Bankaları adres göstermek doğru mu?
Yıllardır- 40 yıldan fazla- hafta sonu ne, hafta başı ne demeden bugünlere gelmiştik; çünkü haftanın her günü, gece gündüz, arife bayram demeden çalışıyorduk. Şimdi kendi kendime soruyorum, “hafta sonu ne yaptın?”, “Kimlerle görüştün?”, “Hangi konularda dertleşip, yeni bilgi olarak ne öğrendin?”
Doğruyu söylemek gerekirse ne balayı yaptım ne de üç gün süren bir tatil.
Cuma günü akşam üzeri beşte nikahım kıyıldı pazar günü İstanbul’da Bakırköy-Konyaspor maçını izlemek için oradaydım.
Uzun süreli yurt içi ve yurt dışı seyahatlerimde bile her gün en az üç 4 saat gazetem için çalıştım, gittiğim yerlerdeki insanlarla konuşup analizler yapmaya çalıştım. Fotoğraflar çektim ve sayfalarca not aldım.

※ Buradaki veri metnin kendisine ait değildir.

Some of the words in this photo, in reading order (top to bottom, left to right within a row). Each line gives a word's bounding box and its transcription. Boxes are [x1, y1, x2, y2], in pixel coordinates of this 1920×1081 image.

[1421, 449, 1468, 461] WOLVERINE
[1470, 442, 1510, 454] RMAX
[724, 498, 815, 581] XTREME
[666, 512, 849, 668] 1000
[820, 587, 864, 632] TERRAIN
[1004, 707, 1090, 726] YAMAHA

Bu hafta sonu ne mi yaptım?
Mümkün oldukça insanlarla yüz yüze kalmamaya çalıştım, şehir içinde farklı yerlere arabayla gittim, bomboş yollarda ambulansa bile yol vermeyen aracın fotoğrafını çekmeye çalıştım.
Bedensel olarak hiçbir şey yapmasam da beynimi yormaya çalışsam da yorulmuyordu.

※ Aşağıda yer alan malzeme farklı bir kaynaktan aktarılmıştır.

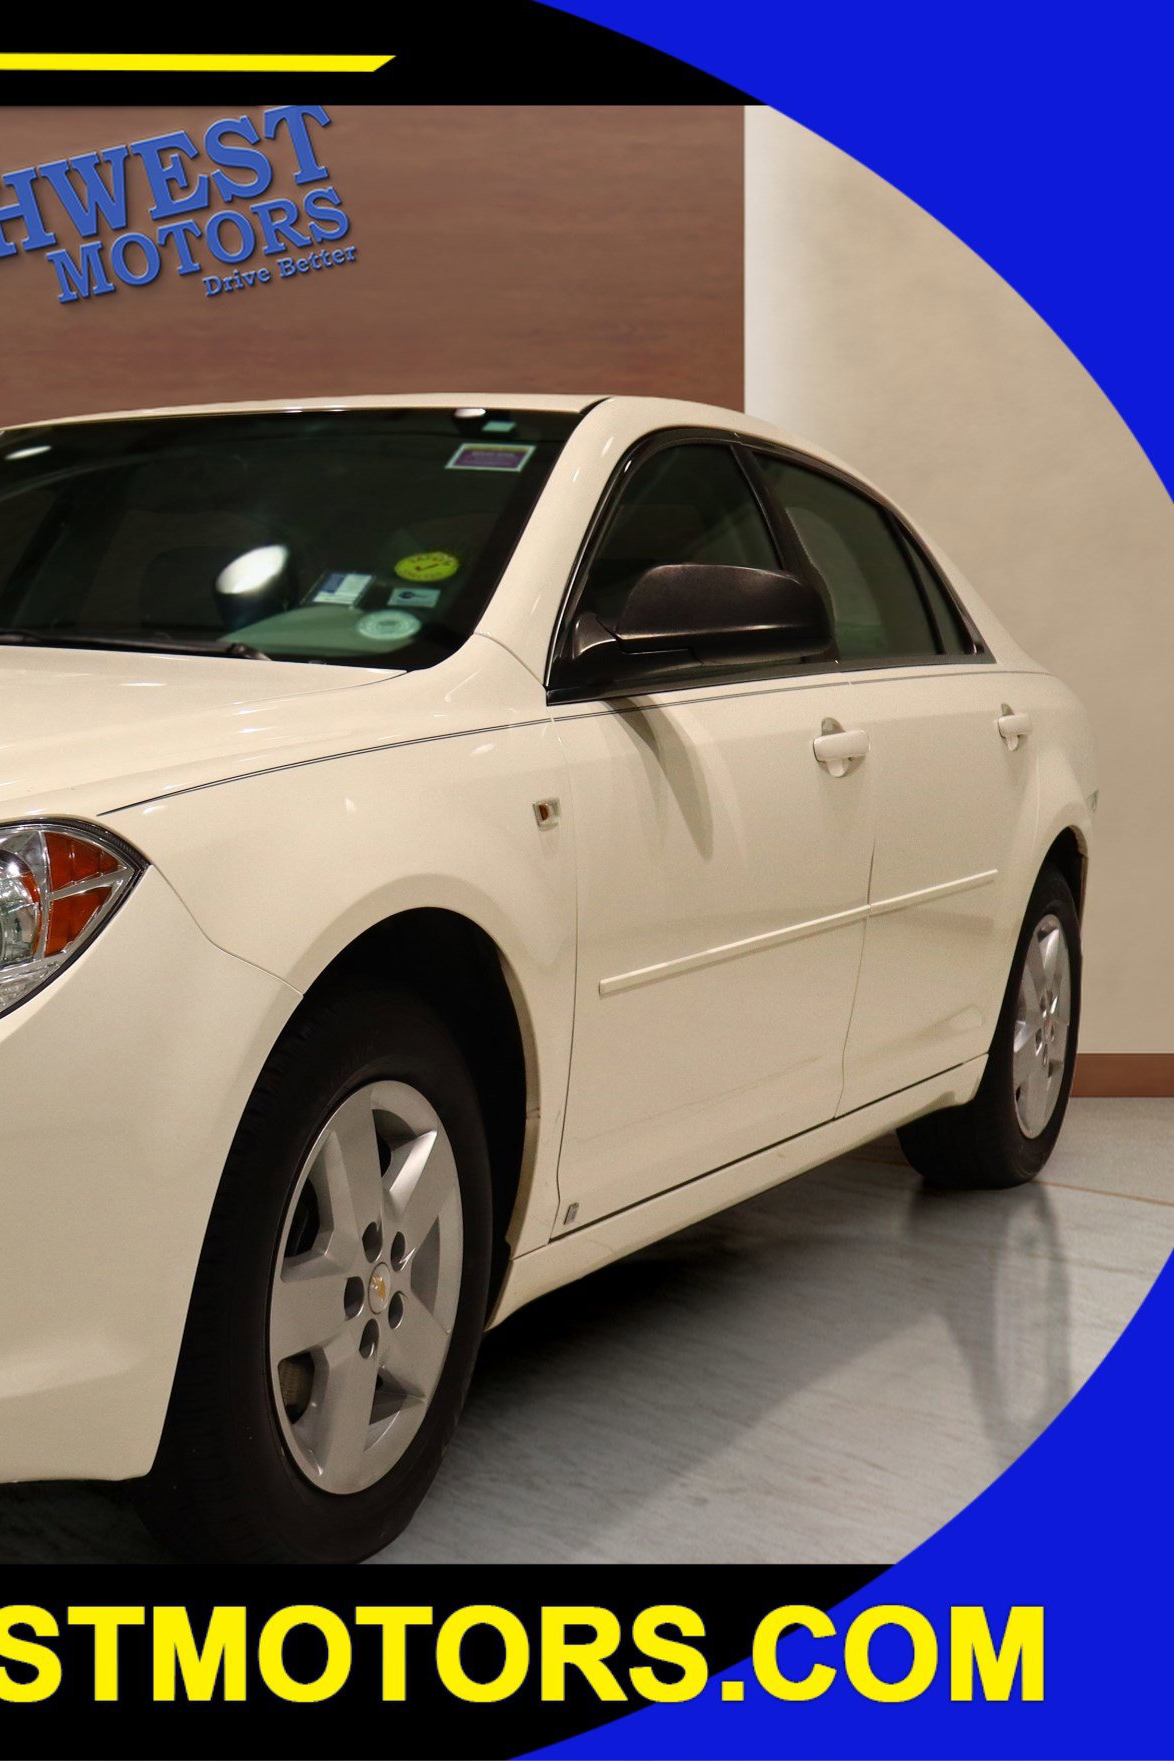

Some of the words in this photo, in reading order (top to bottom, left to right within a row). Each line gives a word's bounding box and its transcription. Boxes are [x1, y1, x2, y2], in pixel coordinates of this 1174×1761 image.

[46, 187, 350, 303] MOTORS
[203, 266, 271, 296] Drive
[278, 244, 357, 278] Better

Uzun lafın kısası hafta sonunu ömrümden boş geçen iki gün olarak gördükten sonra gelin bugün evine kapanmaya çalışan insanımızın hâlâ üretim yapıp işçisinin çalışanının parasını çıkartabilmek için uğraş veren üreticinin, iş adamının, sanayicinin ve tabii ki dost hekimlerin dedikleriyle yeni bir güne başlayalım.
Ama bu değil ki Nalçacı’da Bosna’da Öğretmenevleri’nde, Hatıp’ta, Organize’de konuşulanları da es geçeceğiz.
******
VIP NAMAZ OLMADI
Reis pek çok şeyin farkında ve yaşı ilerledikçe de daha sabırlı davranıyor, hayat bu hepimizde olduğu gibi herkesi yöneticilerimizi de olgunlaştırıyor şu VIP namaz olayından sonra 15 yıl önceki Reis olsaydı ne yapardı diye düşündüm.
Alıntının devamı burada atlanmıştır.